For political scientist turned historian Doris Kearns Goodwin, history is all about telling stories, but how many times can a story be told before it becomes hackneyed? The challenge, especially when puffing up liberal icons as she’s done in previous books on Franklin and Eleanor Roosevelt (for which she won the Pulitzer Prize), the Kennedys, or her old boss Lyndon Johnson, is to find some new angle that will bring the oft-told tales to life again. She managed this trick brilliantly in Team of Rivals (2005), a Lincoln Prize-winner and the basis for Steven Spielberg’s hit film, in which a wider focus on Abraham Lincoln’s contentious cabinet brought the president’s shrewd statesmanship into starker relief—even if she mistook him for a liberal. In her new bestseller, The Bully Pulpit: Theodore Roosevelt, William Howard Taft, and the Golden Age of Journalism, Goodwin weaves together two stories—three if you count the wives’ tale—that make vivid how the American public came to support the far-reaching reforms of the Progressive era introduced by T.R. This is story-telling with a moral, for her “greatest hope” is that readers in the age of Obama will be inspired to support reforms that will help “bring our country closer to its ancient ideals.” What precisely these “ancient ideals” are she never says, but before one has read very far into the book, it becomes clear that they bear a remarkable resemblance to 20th-century progressivism.

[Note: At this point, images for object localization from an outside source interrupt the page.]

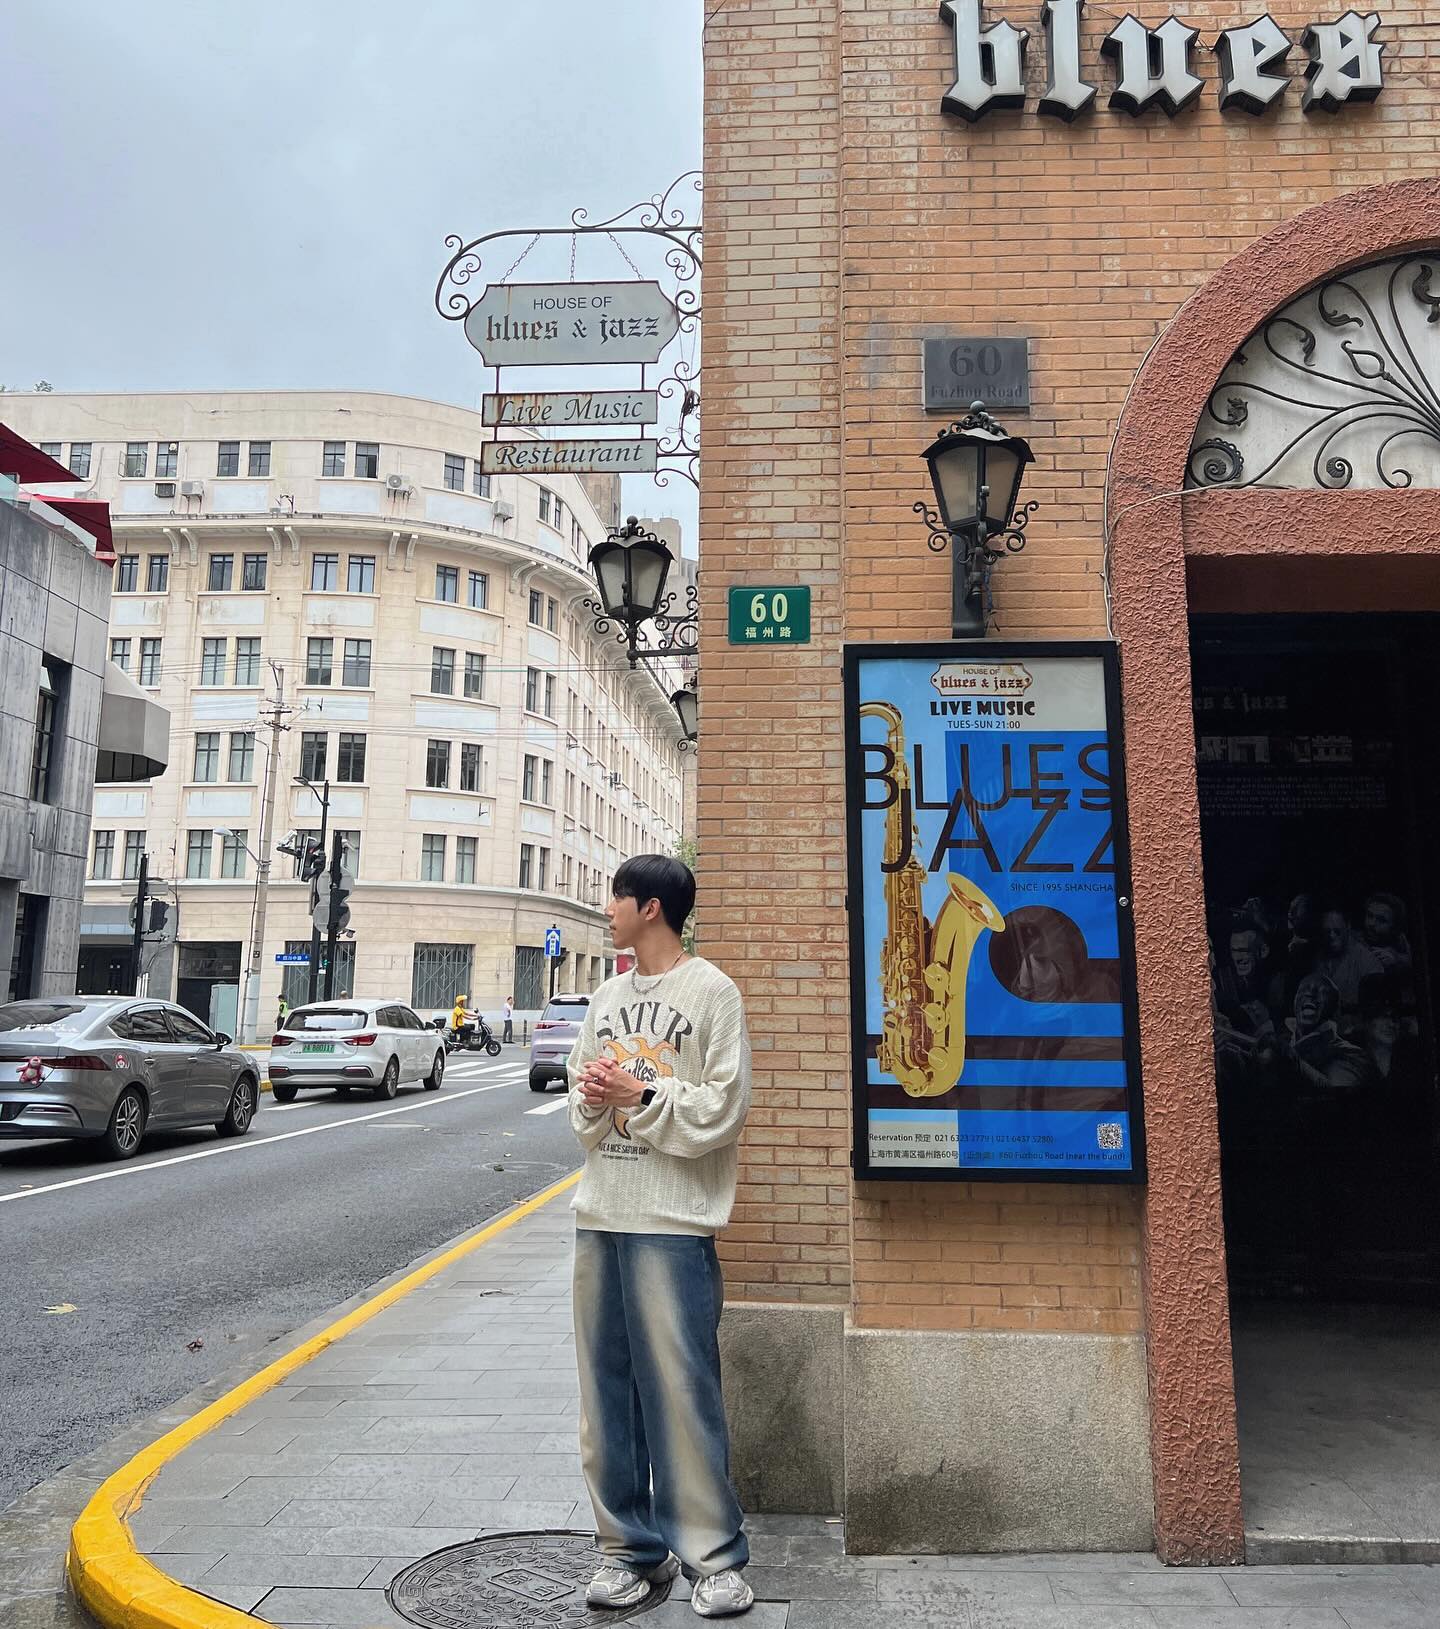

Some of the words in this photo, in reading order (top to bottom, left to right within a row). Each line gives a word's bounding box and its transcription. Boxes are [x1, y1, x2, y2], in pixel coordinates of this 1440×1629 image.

[939, 0, 1384, 122] blues
[533, 297, 587, 310] HOUSE
[591, 296, 613, 309] OF
[486, 314, 559, 342] blues
[572, 318, 588, 339] &
[599, 314, 660, 344] jazz
[949, 345, 1002, 377] 60
[930, 385, 981, 399] Fuzhou
[986, 384, 1023, 399] Road
[498, 400, 553, 423] Live
[564, 395, 643, 421] Music
[495, 444, 644, 469] Restaurant
[750, 593, 788, 623] 60
[745, 626, 792, 639] 福州路
[940, 675, 977, 689] blues
[981, 677, 989, 688] &
[994, 676, 1024, 692] jazz
[930, 701, 972, 716] LIVE
[976, 701, 1035, 716] MUSIC
[947, 720, 993, 729] TUES-SUN
[995, 720, 1021, 729] 21:00
[859, 743, 1113, 812] BLUES
[1010, 882, 1037, 892] SINCE
[1042, 883, 1062, 892] 1995
[868, 1133, 913, 1142] Reservation
[915, 1133, 931, 1143] 预定
[934, 1134, 948, 1142] 021
[1045, 1151, 1064, 1160] Road

As Goodwin tells us in the Preface, her interest in the subject dates back nearly 50 years to when, as a young professor, she taught a seminar on the Progressives, and most of her scholarly references are to the standard, predictably Left, accounts from the mid-20th century. Although she has included a scattering of more recent scholarship, as far as I can tell from the 113 pages of endnotes (there is no bibliography), most of her new research focuses on the letters and writings of the principal characters, along with newspaper reports of the day. These add color, but hardly a critical perspective. Goodwin adds nothing new when she gushes that the transformations taking place at the end of the 19th century were so profound that it seemed as if “a molt” had taken place, and “an altered country” had begun to emerge. A big part of this molt was “a new kind of presidency” (T.R.’s “stewardship” theory in which the executive could do whatever the needs of the people demanded) and, with this, she adds breezily, a “new vision of the relationship between the government and the people.” All this perfectly captures the mood of mid-20th-century progressivism, re-packaged for mass consumption as a series of human-interest stories.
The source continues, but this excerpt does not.